* _EXERCISE_
Set down all of the records exactly.

——————————

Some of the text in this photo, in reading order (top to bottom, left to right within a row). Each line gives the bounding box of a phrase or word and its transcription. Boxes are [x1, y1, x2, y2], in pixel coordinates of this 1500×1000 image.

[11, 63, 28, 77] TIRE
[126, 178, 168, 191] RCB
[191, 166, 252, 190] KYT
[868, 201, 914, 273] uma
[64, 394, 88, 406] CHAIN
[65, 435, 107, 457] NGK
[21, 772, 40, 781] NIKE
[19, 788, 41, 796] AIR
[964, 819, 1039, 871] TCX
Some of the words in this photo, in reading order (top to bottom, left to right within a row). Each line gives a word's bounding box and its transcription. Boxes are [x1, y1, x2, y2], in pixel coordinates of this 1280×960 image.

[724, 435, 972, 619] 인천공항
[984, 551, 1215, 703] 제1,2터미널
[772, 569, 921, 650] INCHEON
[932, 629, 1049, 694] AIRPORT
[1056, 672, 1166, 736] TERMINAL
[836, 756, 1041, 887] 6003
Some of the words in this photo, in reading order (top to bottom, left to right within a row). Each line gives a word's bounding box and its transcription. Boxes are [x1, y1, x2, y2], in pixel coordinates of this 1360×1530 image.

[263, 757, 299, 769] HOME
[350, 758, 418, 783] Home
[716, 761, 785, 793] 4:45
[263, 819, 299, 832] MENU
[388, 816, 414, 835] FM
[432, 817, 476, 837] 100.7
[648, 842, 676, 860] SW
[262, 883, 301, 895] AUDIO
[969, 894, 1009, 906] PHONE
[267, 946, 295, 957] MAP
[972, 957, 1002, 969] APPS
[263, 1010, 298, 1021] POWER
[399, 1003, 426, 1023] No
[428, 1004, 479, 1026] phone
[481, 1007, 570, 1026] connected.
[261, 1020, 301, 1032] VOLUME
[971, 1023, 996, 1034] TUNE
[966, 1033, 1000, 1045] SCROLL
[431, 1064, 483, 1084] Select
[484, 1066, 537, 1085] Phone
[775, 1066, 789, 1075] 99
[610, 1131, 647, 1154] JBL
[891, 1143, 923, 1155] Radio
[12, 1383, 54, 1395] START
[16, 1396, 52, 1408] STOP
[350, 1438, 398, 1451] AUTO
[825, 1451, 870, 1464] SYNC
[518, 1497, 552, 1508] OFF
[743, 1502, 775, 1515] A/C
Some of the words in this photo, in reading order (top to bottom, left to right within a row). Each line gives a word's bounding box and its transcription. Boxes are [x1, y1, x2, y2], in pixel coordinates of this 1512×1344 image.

——————————

* _WRITTEN ANSWER_
Some of the text in this photo, in reading order (top to bottom, left to right within a row). Each line gives the bounding box of a phrase or word and its transcription. Boxes are [x1, y1, x2, y2], in pixel coordinates of this 1500×1000 image.

[11, 63, 28, 77] TIRE
[126, 178, 168, 191] RCB
[191, 166, 252, 190] KYT
[868, 201, 914, 273] uma
[64, 394, 88, 406] CHAIN
[65, 435, 107, 457] NGK
[21, 772, 40, 781] NIKE
[19, 788, 41, 796] AIR
[964, 819, 1039, 871] TCX
Some of the words in this photo, in reading order (top to bottom, left to right within a row). Each line gives a word's bounding box and its transcription. Boxes are [x1, y1, x2, y2], in pixel coordinates of this 1280×960 image.

[724, 435, 972, 619] 인천공항
[984, 551, 1215, 703] 제1,2터미널
[772, 569, 921, 650] INCHEON
[932, 629, 1049, 694] AIRPORT
[1056, 672, 1166, 736] TERMINAL
[836, 756, 1041, 887] 6003
Some of the words in this photo, in reading order (top to bottom, left to right within a row). Each line gives a word's bounding box and its transcription. Boxes are [x1, y1, x2, y2], in pixel coordinates of this 1360×1530 image.

[263, 757, 299, 769] HOME
[350, 758, 418, 783] Home
[716, 761, 785, 793] 4:45
[263, 819, 299, 832] MENU
[388, 816, 414, 835] FM
[432, 817, 476, 837] 100.7
[648, 842, 676, 860] SW
[262, 883, 301, 895] AUDIO
[969, 894, 1009, 906] PHONE
[267, 946, 295, 957] MAP
[972, 957, 1002, 969] APPS
[263, 1010, 298, 1021] POWER
[399, 1003, 426, 1023] No
[428, 1004, 479, 1026] phone
[481, 1007, 570, 1026] connected.
[261, 1020, 301, 1032] VOLUME
[971, 1023, 996, 1034] TUNE
[966, 1033, 1000, 1045] SCROLL
[431, 1064, 483, 1084] Select
[484, 1066, 537, 1085] Phone
[775, 1066, 789, 1075] 99
[610, 1131, 647, 1154] JBL
[891, 1143, 923, 1155] Radio
[12, 1383, 54, 1395] START
[16, 1396, 52, 1408] STOP
[350, 1438, 398, 1451] AUTO
[825, 1451, 870, 1464] SYNC
[518, 1497, 552, 1508] OFF
[743, 1502, 775, 1515] A/C
Some of the words in this photo, in reading order (top to bottom, left to right within a row). Each line gives a word's bounding box and its transcription. Boxes are [x1, y1, x2, y2], in pixel coordinates of this 1512×1344 image.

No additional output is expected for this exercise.